Would you set down all of the entries below exactly as they stand?

━━━ INPUT DATA

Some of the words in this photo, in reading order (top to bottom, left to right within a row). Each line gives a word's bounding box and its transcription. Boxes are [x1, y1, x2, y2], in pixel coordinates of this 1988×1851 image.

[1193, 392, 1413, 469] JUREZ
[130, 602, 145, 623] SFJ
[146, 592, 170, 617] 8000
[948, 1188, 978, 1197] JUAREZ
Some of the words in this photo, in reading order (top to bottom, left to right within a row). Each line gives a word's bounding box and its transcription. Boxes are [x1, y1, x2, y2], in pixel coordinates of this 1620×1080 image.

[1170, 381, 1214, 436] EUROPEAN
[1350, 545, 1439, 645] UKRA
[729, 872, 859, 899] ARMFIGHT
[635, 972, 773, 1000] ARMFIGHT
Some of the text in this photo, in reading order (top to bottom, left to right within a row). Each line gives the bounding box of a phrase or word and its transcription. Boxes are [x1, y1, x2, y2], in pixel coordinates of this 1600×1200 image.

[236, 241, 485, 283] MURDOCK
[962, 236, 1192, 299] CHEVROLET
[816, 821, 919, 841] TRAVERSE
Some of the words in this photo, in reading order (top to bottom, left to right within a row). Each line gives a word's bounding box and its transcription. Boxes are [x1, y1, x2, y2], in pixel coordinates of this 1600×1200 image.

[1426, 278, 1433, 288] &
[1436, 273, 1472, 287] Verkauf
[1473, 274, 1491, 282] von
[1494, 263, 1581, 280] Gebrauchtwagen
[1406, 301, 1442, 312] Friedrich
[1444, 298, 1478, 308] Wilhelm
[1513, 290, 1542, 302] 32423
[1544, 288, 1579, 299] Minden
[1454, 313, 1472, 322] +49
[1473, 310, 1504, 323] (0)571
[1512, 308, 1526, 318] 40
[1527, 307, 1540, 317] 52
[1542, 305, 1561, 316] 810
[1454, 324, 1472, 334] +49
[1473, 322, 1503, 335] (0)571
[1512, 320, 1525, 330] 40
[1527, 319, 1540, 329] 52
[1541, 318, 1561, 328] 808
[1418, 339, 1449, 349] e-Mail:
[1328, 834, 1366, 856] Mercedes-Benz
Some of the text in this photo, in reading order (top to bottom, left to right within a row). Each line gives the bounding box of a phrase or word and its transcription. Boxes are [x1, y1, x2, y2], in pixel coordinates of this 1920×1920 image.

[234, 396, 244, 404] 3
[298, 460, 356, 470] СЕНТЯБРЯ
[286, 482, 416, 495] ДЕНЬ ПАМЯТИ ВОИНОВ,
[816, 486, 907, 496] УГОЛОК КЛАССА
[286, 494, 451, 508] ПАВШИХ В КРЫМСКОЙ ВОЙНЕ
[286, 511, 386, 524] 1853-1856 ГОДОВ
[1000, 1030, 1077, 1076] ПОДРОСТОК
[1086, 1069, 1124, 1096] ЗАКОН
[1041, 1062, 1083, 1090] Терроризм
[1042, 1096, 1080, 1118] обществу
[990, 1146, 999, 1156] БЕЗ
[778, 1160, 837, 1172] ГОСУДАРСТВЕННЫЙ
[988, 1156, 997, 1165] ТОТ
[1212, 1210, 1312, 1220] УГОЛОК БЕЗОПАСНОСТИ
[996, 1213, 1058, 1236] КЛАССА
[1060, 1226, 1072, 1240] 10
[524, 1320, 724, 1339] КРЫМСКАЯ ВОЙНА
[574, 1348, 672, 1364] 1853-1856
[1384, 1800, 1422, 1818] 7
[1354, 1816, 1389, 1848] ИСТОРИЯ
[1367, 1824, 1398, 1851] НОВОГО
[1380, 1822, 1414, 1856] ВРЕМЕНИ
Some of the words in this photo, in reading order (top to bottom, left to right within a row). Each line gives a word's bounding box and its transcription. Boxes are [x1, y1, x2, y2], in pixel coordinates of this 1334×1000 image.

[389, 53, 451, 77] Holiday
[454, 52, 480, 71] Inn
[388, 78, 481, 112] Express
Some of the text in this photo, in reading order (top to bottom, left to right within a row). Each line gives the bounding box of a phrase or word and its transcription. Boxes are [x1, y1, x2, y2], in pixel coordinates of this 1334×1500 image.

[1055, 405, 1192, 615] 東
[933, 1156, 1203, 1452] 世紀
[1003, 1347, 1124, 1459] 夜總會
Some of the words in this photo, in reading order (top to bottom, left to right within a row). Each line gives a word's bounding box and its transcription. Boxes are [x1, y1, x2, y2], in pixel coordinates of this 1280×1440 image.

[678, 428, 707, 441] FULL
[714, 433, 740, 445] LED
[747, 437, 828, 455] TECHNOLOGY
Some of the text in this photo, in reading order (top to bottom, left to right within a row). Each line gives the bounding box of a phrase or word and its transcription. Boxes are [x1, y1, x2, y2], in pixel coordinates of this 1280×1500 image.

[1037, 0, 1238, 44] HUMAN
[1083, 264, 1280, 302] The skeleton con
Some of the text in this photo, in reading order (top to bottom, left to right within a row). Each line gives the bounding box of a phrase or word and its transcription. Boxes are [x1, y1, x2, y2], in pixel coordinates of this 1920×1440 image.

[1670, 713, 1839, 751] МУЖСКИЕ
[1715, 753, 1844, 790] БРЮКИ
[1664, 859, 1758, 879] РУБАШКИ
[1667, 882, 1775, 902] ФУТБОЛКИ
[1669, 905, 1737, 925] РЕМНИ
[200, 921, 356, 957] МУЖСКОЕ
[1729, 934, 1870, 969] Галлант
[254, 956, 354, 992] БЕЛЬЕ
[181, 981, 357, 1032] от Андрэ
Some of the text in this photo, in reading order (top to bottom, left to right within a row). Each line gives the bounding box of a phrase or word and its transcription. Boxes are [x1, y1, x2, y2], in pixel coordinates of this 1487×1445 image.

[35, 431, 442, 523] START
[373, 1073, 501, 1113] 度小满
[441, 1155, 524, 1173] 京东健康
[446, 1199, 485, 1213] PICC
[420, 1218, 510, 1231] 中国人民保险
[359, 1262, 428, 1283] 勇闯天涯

━━━━━━

WRITTEN RESPONSE —
Some of the words in this photo, in reading order (top to bottom, left to right within a row). Each line gives a word's bounding box and its transcription. Boxes are [x1, y1, x2, y2], in pixel coordinates of this 1988×1851 image.

[1193, 392, 1413, 469] JUREZ
[130, 602, 145, 623] SFJ
[146, 592, 170, 617] 8000
[948, 1188, 978, 1197] JUAREZ
Some of the words in this photo, in reading order (top to bottom, left to right within a row). Each line gives a word's bounding box and its transcription. Boxes are [x1, y1, x2, y2], in pixel coordinates of this 1620×1080 image.

[1170, 381, 1214, 436] EUROPEAN
[1350, 545, 1439, 645] UKRA
[729, 872, 859, 899] ARMFIGHT
[635, 972, 773, 1000] ARMFIGHT
Some of the text in this photo, in reading order (top to bottom, left to right within a row). Each line gives the bounding box of a phrase or word and its transcription. Boxes are [x1, y1, x2, y2], in pixel coordinates of this 1600×1200 image.

[236, 241, 485, 283] MURDOCK
[962, 236, 1192, 299] CHEVROLET
[816, 821, 919, 841] TRAVERSE
Some of the words in this photo, in reading order (top to bottom, left to right within a row). Each line gives a word's bounding box and its transcription. Boxes are [x1, y1, x2, y2], in pixel coordinates of this 1600×1200 image.

[1426, 278, 1433, 288] &
[1436, 273, 1472, 287] Verkauf
[1473, 274, 1491, 282] von
[1494, 263, 1581, 280] Gebrauchtwagen
[1406, 301, 1442, 312] Friedrich
[1444, 298, 1478, 308] Wilhelm
[1513, 290, 1542, 302] 32423
[1544, 288, 1579, 299] Minden
[1454, 313, 1472, 322] +49
[1473, 310, 1504, 323] (0)571
[1512, 308, 1526, 318] 40
[1527, 307, 1540, 317] 52
[1542, 305, 1561, 316] 810
[1454, 324, 1472, 334] +49
[1473, 322, 1503, 335] (0)571
[1512, 320, 1525, 330] 40
[1527, 319, 1540, 329] 52
[1541, 318, 1561, 328] 808
[1418, 339, 1449, 349] e-Mail:
[1328, 834, 1366, 856] Mercedes-Benz
Some of the text in this photo, in reading order (top to bottom, left to right within a row). Each line gives the bounding box of a phrase or word and its transcription. Boxes are [x1, y1, x2, y2], in pixel coordinates of this 1920×1920 image.

[234, 396, 244, 404] 3
[298, 460, 356, 470] СЕНТЯБРЯ
[286, 482, 416, 495] ДЕНЬ ПАМЯТИ ВОИНОВ,
[816, 486, 907, 496] УГОЛОК КЛАССА
[286, 494, 451, 508] ПАВШИХ В КРЫМСКОЙ ВОЙНЕ
[286, 511, 386, 524] 1853-1856 ГОДОВ
[1000, 1030, 1077, 1076] ПОДРОСТОК
[1086, 1069, 1124, 1096] ЗАКОН
[1041, 1062, 1083, 1090] Терроризм
[1042, 1096, 1080, 1118] обществу
[990, 1146, 999, 1156] БЕЗ
[778, 1160, 837, 1172] ГОСУДАРСТВЕННЫЙ
[988, 1156, 997, 1165] ТОТ
[1212, 1210, 1312, 1220] УГОЛОК БЕЗОПАСНОСТИ
[996, 1213, 1058, 1236] КЛАССА
[1060, 1226, 1072, 1240] 10
[524, 1320, 724, 1339] КРЫМСКАЯ ВОЙНА
[574, 1348, 672, 1364] 1853-1856
[1384, 1800, 1422, 1818] 7
[1354, 1816, 1389, 1848] ИСТОРИЯ
[1367, 1824, 1398, 1851] НОВОГО
[1380, 1822, 1414, 1856] ВРЕМЕНИ
Some of the words in this photo, in reading order (top to bottom, left to right within a row). Each line gives a word's bounding box and its transcription. Boxes are [x1, y1, x2, y2], in pixel coordinates of this 1334×1000 image.

[389, 53, 451, 77] Holiday
[454, 52, 480, 71] Inn
[388, 78, 481, 112] Express
Some of the text in this photo, in reading order (top to bottom, left to right within a row). Each line gives the bounding box of a phrase or word and its transcription. Boxes are [x1, y1, x2, y2], in pixel coordinates of this 1334×1500 image.

[1055, 405, 1192, 615] 東
[933, 1156, 1203, 1452] 世紀
[1003, 1347, 1124, 1459] 夜總會
Some of the words in this photo, in reading order (top to bottom, left to right within a row). Each line gives a word's bounding box and its transcription. Boxes are [x1, y1, x2, y2], in pixel coordinates of this 1280×1440 image.

[678, 428, 707, 441] FULL
[714, 433, 740, 445] LED
[747, 437, 828, 455] TECHNOLOGY
Some of the text in this photo, in reading order (top to bottom, left to right within a row). Each line gives the bounding box of a phrase or word and its transcription. Boxes are [x1, y1, x2, y2], in pixel coordinates of this 1280×1500 image.

[1037, 0, 1238, 44] HUMAN
[1083, 264, 1280, 302] The skeleton con
Some of the text in this photo, in reading order (top to bottom, left to right within a row). Each line gives the bounding box of a phrase or word and its transcription. Boxes are [x1, y1, x2, y2], in pixel coordinates of this 1920×1440 image.

[1670, 713, 1839, 751] МУЖСКИЕ
[1715, 753, 1844, 790] БРЮКИ
[1664, 859, 1758, 879] РУБАШКИ
[1667, 882, 1775, 902] ФУТБОЛКИ
[1669, 905, 1737, 925] РЕМНИ
[200, 921, 356, 957] МУЖСКОЕ
[1729, 934, 1870, 969] Галлант
[254, 956, 354, 992] БЕЛЬЕ
[181, 981, 357, 1032] от Андрэ
Some of the text in this photo, in reading order (top to bottom, left to right within a row). Each line gives the bounding box of a phrase or word and its transcription. Boxes are [x1, y1, x2, y2], in pixel coordinates of this 1487×1445 image.

[35, 431, 442, 523] START
[373, 1073, 501, 1113] 度小满
[441, 1155, 524, 1173] 京东健康
[446, 1199, 485, 1213] PICC
[420, 1218, 510, 1231] 中国人民保险
[359, 1262, 428, 1283] 勇闯天涯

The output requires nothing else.